为了验证其在活细胞内的实际成像能力，团队针对性地设计并合成了带有十二烷基链和特定靶向基团的反应标签。实验中，细胞在预先孵育这些标签后，直接加入经过PEG修饰增强生物相容性的TBCy探针，无需任何繁琐的洗涤步骤即可清晰显现出精细的细胞器结构。定量共定位分析表明，激活后的荧光信号与商品化线粒体、溶酶体以及内质网绿色荧光染料的皮尔逊共定位系数高达0.84至0.95，且成像对比度较对照组提升了高达29至80倍。得益于BCy核心优异的光化学稳定性和极低的细胞毒性，该探针在面对持续高强度的激光照射时未表现出明显降解，不仅能长时间追踪细胞器形态，还彻底克服了商品化染料常导致的细胞受热变形与光毒性萎缩难题。

Figure 2. (A, B) Molecular Structures of biocompatible TBCy3P, TBCy5P, and TBCy7P (A) and organelle membrane-targeted dienophile probes MemMito, MemLyso, and MemER (B). (C–E) Bioorthogonal imaging of mitochondria (B, D) and lysosomes (C, E) labeled with the indicated TBCy probes with (+) or without (−) the preincubated membrane probes, together with the corresponding imaging contrast in labeled and control cells. (F–H) Photostability comparison of TBCy3P vs MTR and TBCy3P vs LTR under continuous laser irradiation.
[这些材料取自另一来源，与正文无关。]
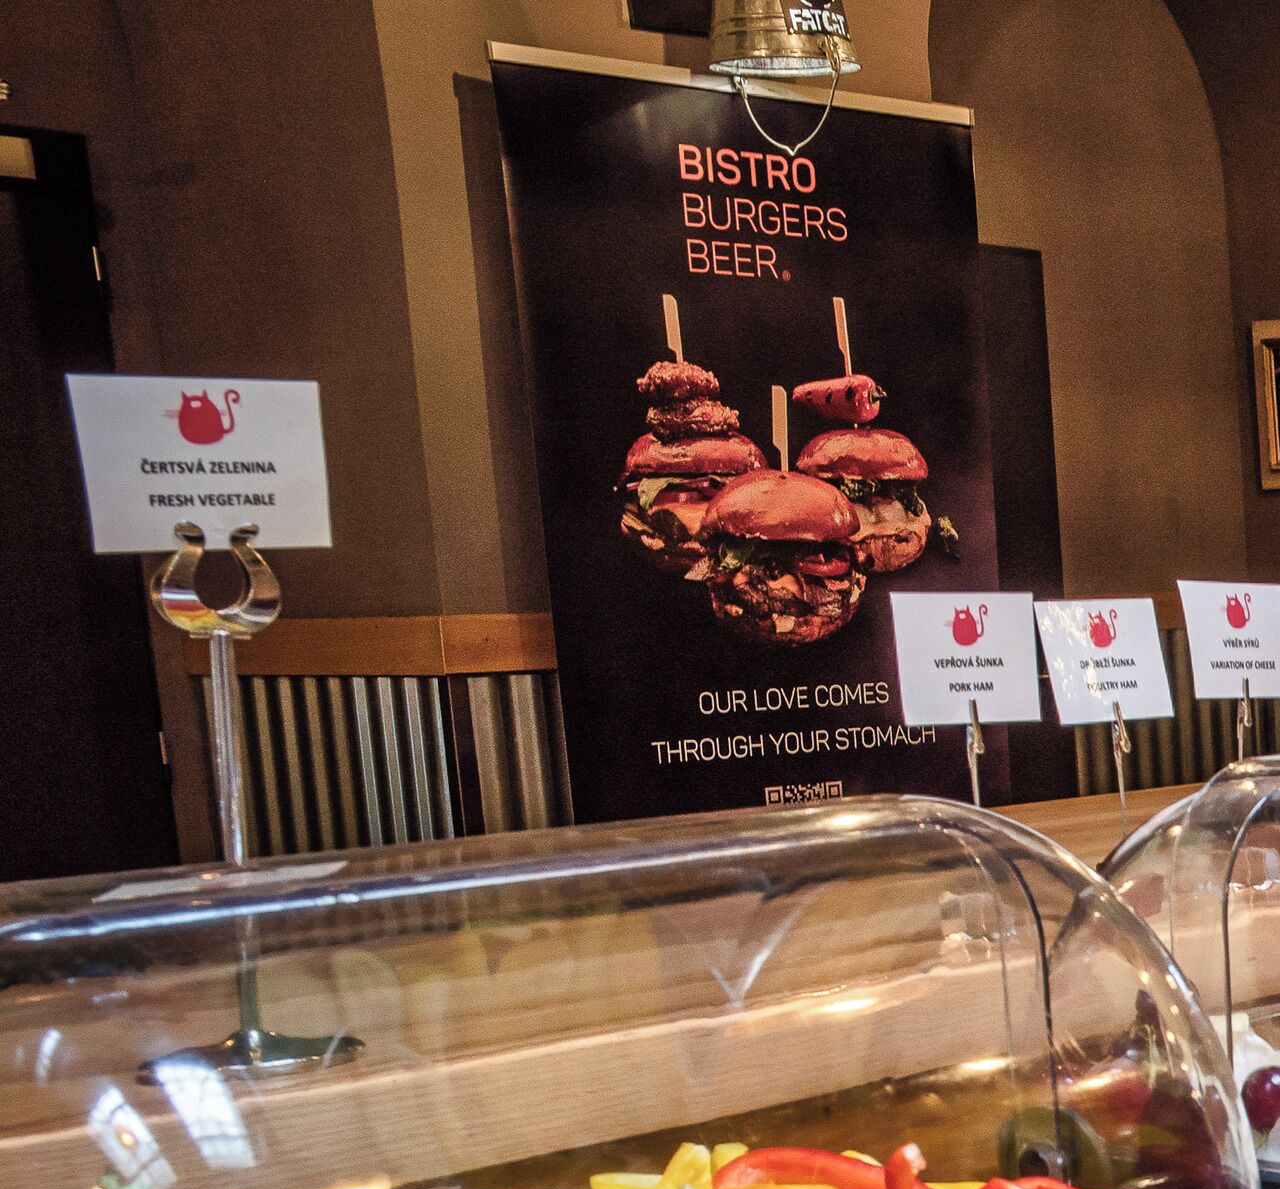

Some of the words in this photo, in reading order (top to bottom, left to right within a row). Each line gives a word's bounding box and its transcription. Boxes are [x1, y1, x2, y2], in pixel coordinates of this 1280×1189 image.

[678, 142, 818, 194] BISTRO
[681, 192, 849, 243] BURGERS
[140, 457, 206, 475] ČERTSVÁ
[208, 460, 277, 475] ZELENINA
[149, 493, 195, 508] FRESH
[199, 492, 277, 507] VEGETABLE
[1223, 637, 1243, 648] VÝBĚR
[934, 656, 974, 669] VEPŘOVÁ
[975, 655, 1004, 668] ŠUNKA
[1080, 657, 1111, 670] DRBEŽÍ
[1111, 656, 1136, 669] ŠUNKA
[1210, 660, 1245, 670] VARIATION
[1245, 660, 1254, 670] OF
[1254, 661, 1276, 670] CHEESE
[949, 682, 972, 693] PORK
[973, 681, 994, 692] HAM
[1120, 679, 1138, 690] HAM
[697, 689, 749, 716] OUR
[753, 684, 809, 713] LOVE
[814, 681, 890, 710] COMES
[651, 734, 765, 765] THROUGH
[770, 728, 830, 757] YOUR
[834, 723, 937, 751] STOMACH
Scale bar = 20 μm.#

有了高光稳定性的基础，团队进一步引入吸电子能力更强的氰基取代基，制备出了专为超分辨受激发射损耗（STED）纳米成像量身定制的探针。在STED成像模式下，溶酶体、线粒体和内质网的超微膜结构被清晰剥离，空间分辨率跨越到了120至181纳米的纳米级尺度，完美捕捉到了共聚焦镜下无法分辨的环状、弯曲等异质性结构。通过长达数分钟的连续高速动态扫描，探针记录下了活细胞内溶酶体膜频繁发生的接触、融合、 round-up、收缩和扩张等极其复杂的“吻过即跑（kiss-and-run）”行为。更令人惊叹的是，利用该系统与其它生物正交体系的互不干扰性，研究人员成功在一根 depletion 激光线下实现了溶酶体膜与线粒体、溶酶体膜与脂滴的双色超分辨实时追踪，直观展现了亚细胞结构之间的动态异质性通讯过程。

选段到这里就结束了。